It’s time for the second entry in our Summer Reading series! Today, our VP, Executive Editor Joan Bingham is recommending CAMUS, A ROMANCE by Elizabeth Hawes! And we’ll be giving away 5 copies of the book to all you Camus-lovers out there. Go to our FB page to enter: http://www.facebook.com/groveatlantic. And, now, Joan Bingham, on her pick:
A few summers ago, after I published CAMUS, A ROMANCE by Elizabeth Hawes, I was in Provence, and with some friends went in search of Camus’ grave in Lourmarin. He had won the Noble Prize in 1957 and with the money bought a house in a hot, arid place where the landscape and light reminded him of Algeria. He had hoped this mother would settle there. She did manage to visit, but for a former char woman partially deaf and almost mute, she ultimately felt only at home in Algiers in her old Arab neighborhood.

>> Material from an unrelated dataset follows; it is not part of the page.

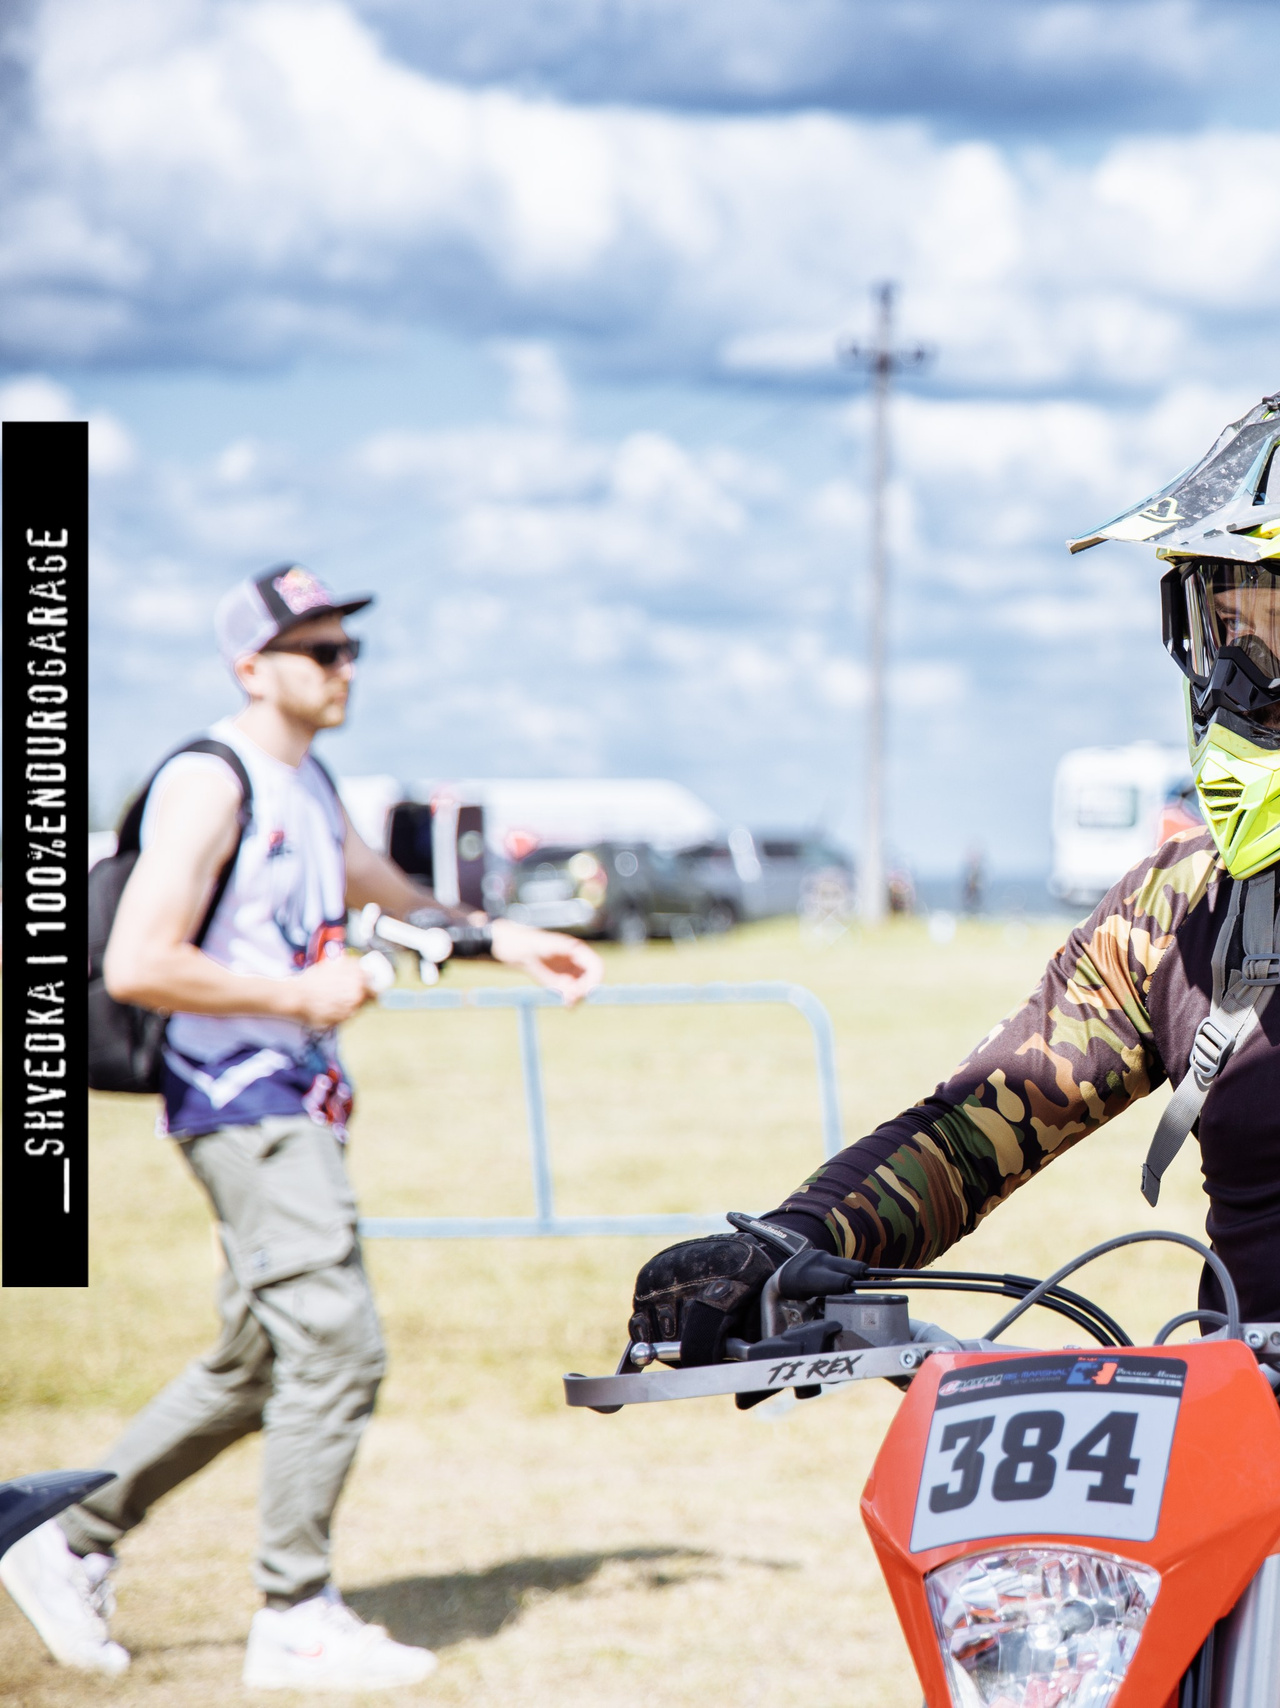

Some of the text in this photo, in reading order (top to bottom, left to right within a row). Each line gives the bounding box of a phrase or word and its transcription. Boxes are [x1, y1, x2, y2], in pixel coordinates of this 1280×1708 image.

The grave stone was plain, stark, made of local limestone and engraved with deep simple capital letters : Albert Camus – 1913 1960. We were overwhelmed by this simple, lonely grave, so eerily powerful.
When Albert Camus died in a car crash at the age of forty-six, he was mourned around the world. The author of such works as The Stranger, The Plague, and The Rebel, he inspired uncommon devotion in his readers, yet remained an elusive figure. CAMUS, A ROMANCE reveals the man behind the famous name: the French-Algerian of humble birth and Mediterranean passions; the TB-stricken exile who edited the World War II resistance newspaper Combat; the moralist whose split with Jean-Paul Sartre made literary history; the pied-noir in anguish over the Algerian War; the Don Juan who loved a multitude of women; and the writer always in search of a truer voice.
Hawes follows in his footsteps, visiting North Africa, Paris, New York, and Provence, meeting his friends and family, trying to know Camus, to enter his solitude. It is a unique literary feat, at once biography and memoir.